Versus the euro, sterling lost 0.1 percent to 89.07 as the pound is still weighed down by many factors, including Brexit-related risks and speculation about negative rates.

9.07am update: FTSE up 

The FTSE 100 index at 8.45am was up 62.17 at 6282.31.

8.01am update: FTSE 100 opens 

The FTSE 00 index opened at 6220.14.

7.50am update: FTSE unchanged 

The FTSE 100 index at 7.44am was unchanged at 6220.14.

7.38am update: G7 to hold telephone conference 

Ginance leaders of the Group of Seven nations will hold a teleconference on Wednesday to discuss measures to combat the coronavirus pandemic, Japan’s Jiji news agency said.

It will be the latest of several teleconferences held by G7 finance leaders since the spread of the pandemic that has pushed the global economy to the verge of deep recession.
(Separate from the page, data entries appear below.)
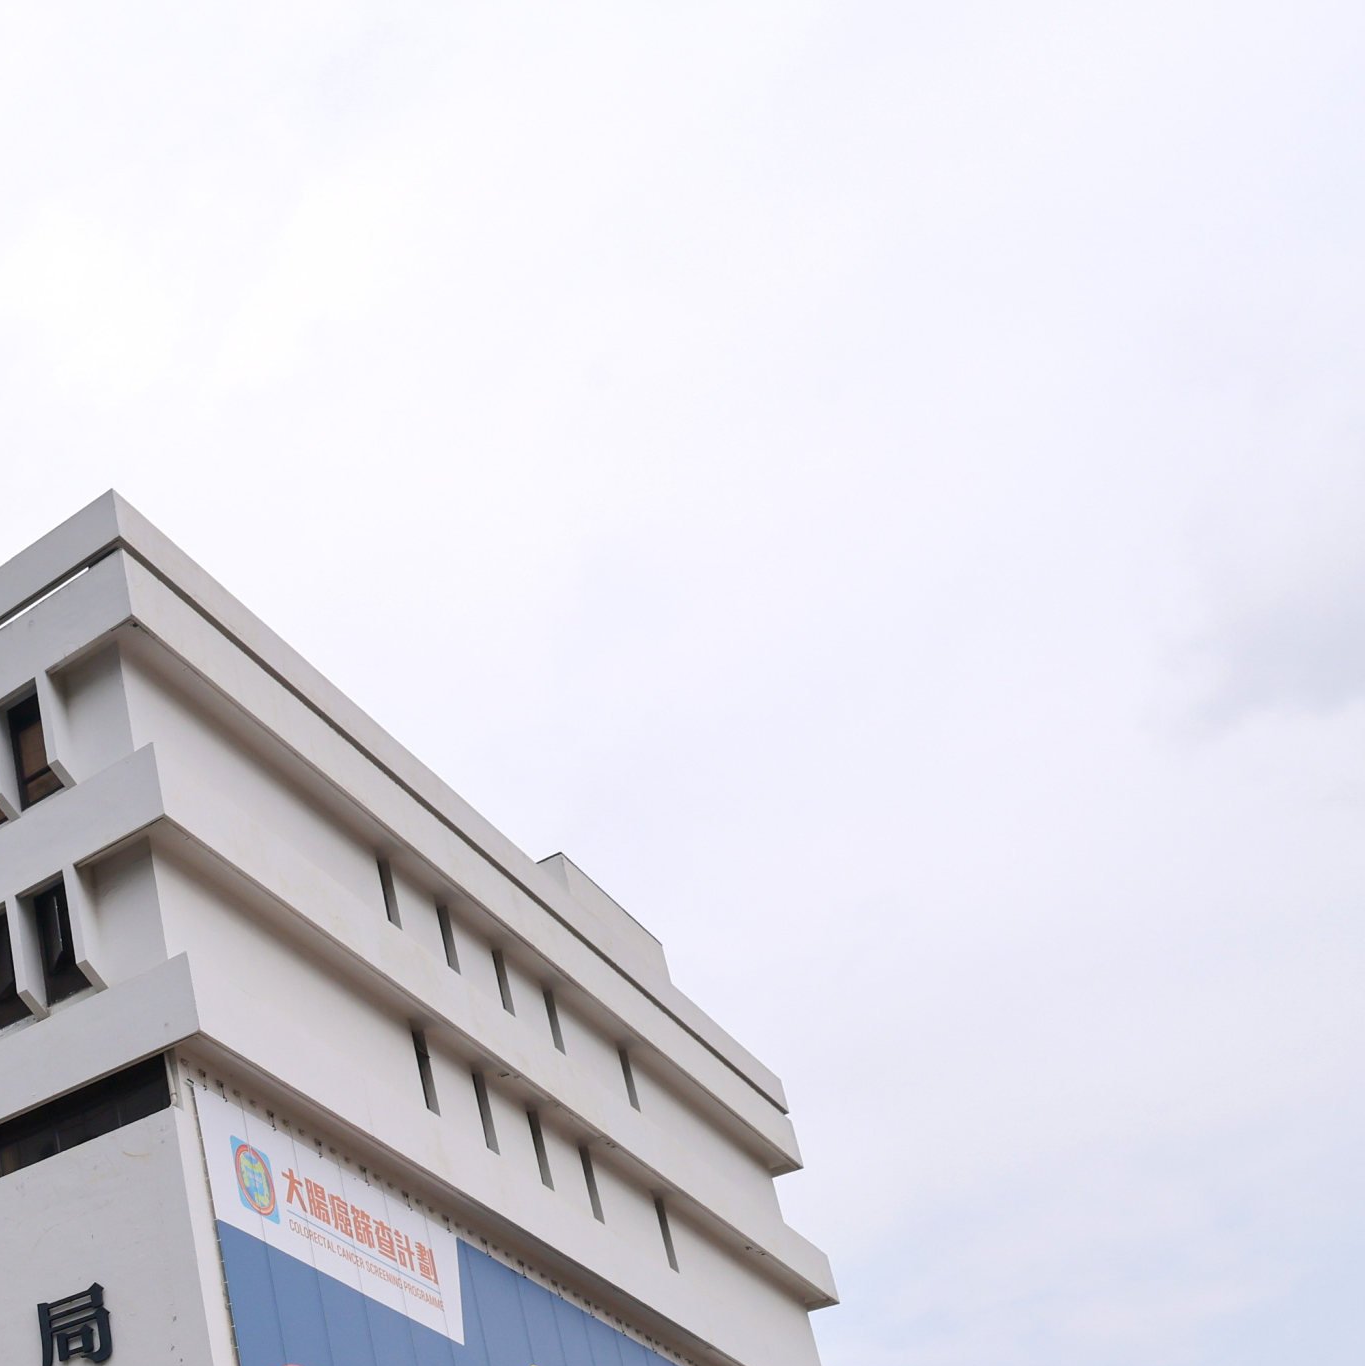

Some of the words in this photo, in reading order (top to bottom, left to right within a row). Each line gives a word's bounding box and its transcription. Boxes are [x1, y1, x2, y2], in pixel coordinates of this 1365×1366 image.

[281, 1168, 439, 1285] 大腸癌篩查計劃
[289, 1219, 337, 1253] COLORECTAL
[337, 1245, 366, 1268] CANCER
[365, 1255, 403, 1290] SCREENING
[403, 1280, 445, 1312] PROGRAMME
The biggest financial contributors to the WHO (Image: EXPRESS)

7.15am update: Australia already in recession 

Australia’s economy is already in recession, the country’s treasurer said on Wednesday, after official data showed gross domestic product fell last quarter as entire business sectors were shut down to fight the coronavirus.

Data from the Australian Bureau of Statistics (ABS) showed the A$ 2 trillion ($ 1.39 trillion) economy contracted 0.3 percent in the quarter ended March, the first decline in nine years.
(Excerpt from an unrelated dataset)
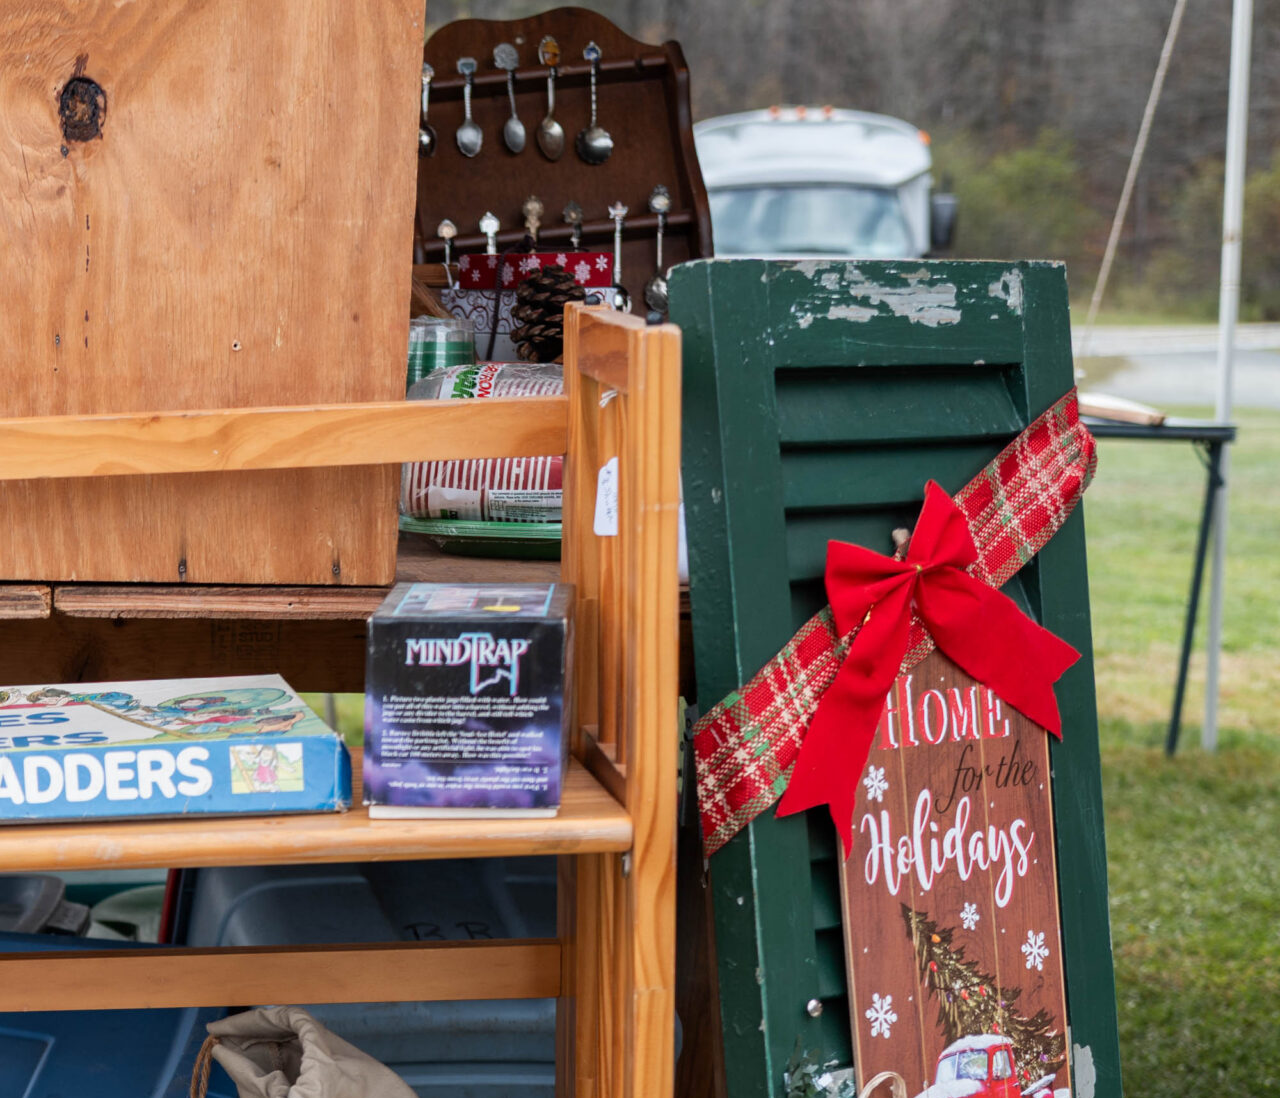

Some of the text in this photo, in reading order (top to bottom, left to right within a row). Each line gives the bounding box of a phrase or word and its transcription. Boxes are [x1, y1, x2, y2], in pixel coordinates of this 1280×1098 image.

[405, 632, 529, 695] MINDTRAP
[877, 674, 1010, 750] HOME
[935, 740, 1037, 814] for the
[860, 788, 1036, 908] Holidays
That took the annual growth to 1.4 percent, the slowest since the 2009 global financial crisis, as the economy was hit by the worst bushfire season in living memory, a prolonged drought and a pandemic that shut down businesses and left many without jobs.
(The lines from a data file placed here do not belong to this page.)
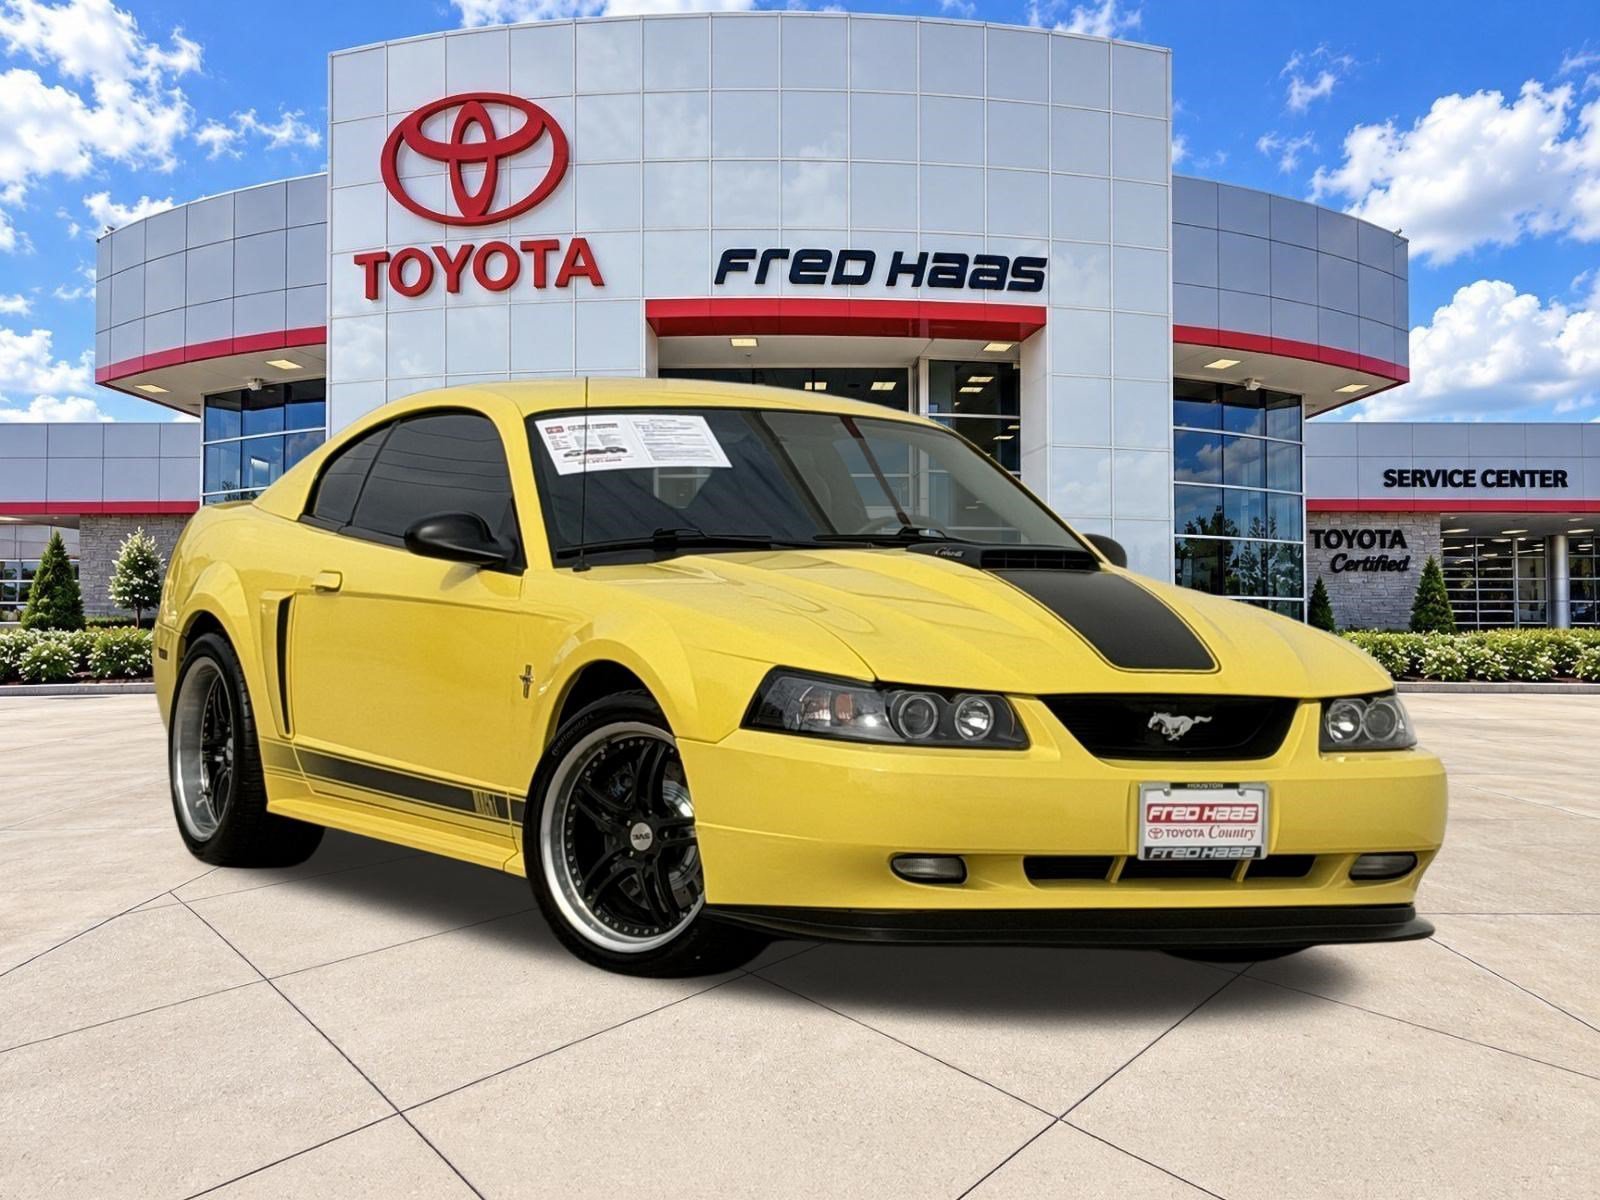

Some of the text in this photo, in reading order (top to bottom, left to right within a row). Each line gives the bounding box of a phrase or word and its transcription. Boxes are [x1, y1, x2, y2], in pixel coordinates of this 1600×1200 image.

[354, 237, 605, 301] TOYOTA
[886, 251, 1048, 292] Haas
[1383, 469, 1568, 488] SERVICE CENTER
[1309, 529, 1408, 549] TOYOTA
[1330, 553, 1411, 573] Certified
[1202, 806, 1257, 820] Haas
[1166, 825, 1256, 841] TOYOTA Country
[1201, 847, 1256, 859] Haas
6.06am update: Asian stocks climb to 3-month high as recovery hopes outweigh looming risks

Asian shares vaulted to a near three-month high on Wednesday as hopes of more stimulus and further easing in social restrictions around the world outweighed caution over a host of worries from the coronavirus to growing US civil unrest.

MSCI’s broadest index of Asia-Pacific shares outside Japan gained 1.3 percent, extending its rally into a fifth straight day to reach a level last seen on March 9.

Japan’s Nikkei rose 1.2 percent to its highest level since late February, while mainland China’s CSI300 rose 0.4 percent to break above its May peak to a 12-week high.

E-mini futures for the US S&P 500 were up 0.2 percent in early Wednesday trade, extending the gains so far this week to 1.4 percent.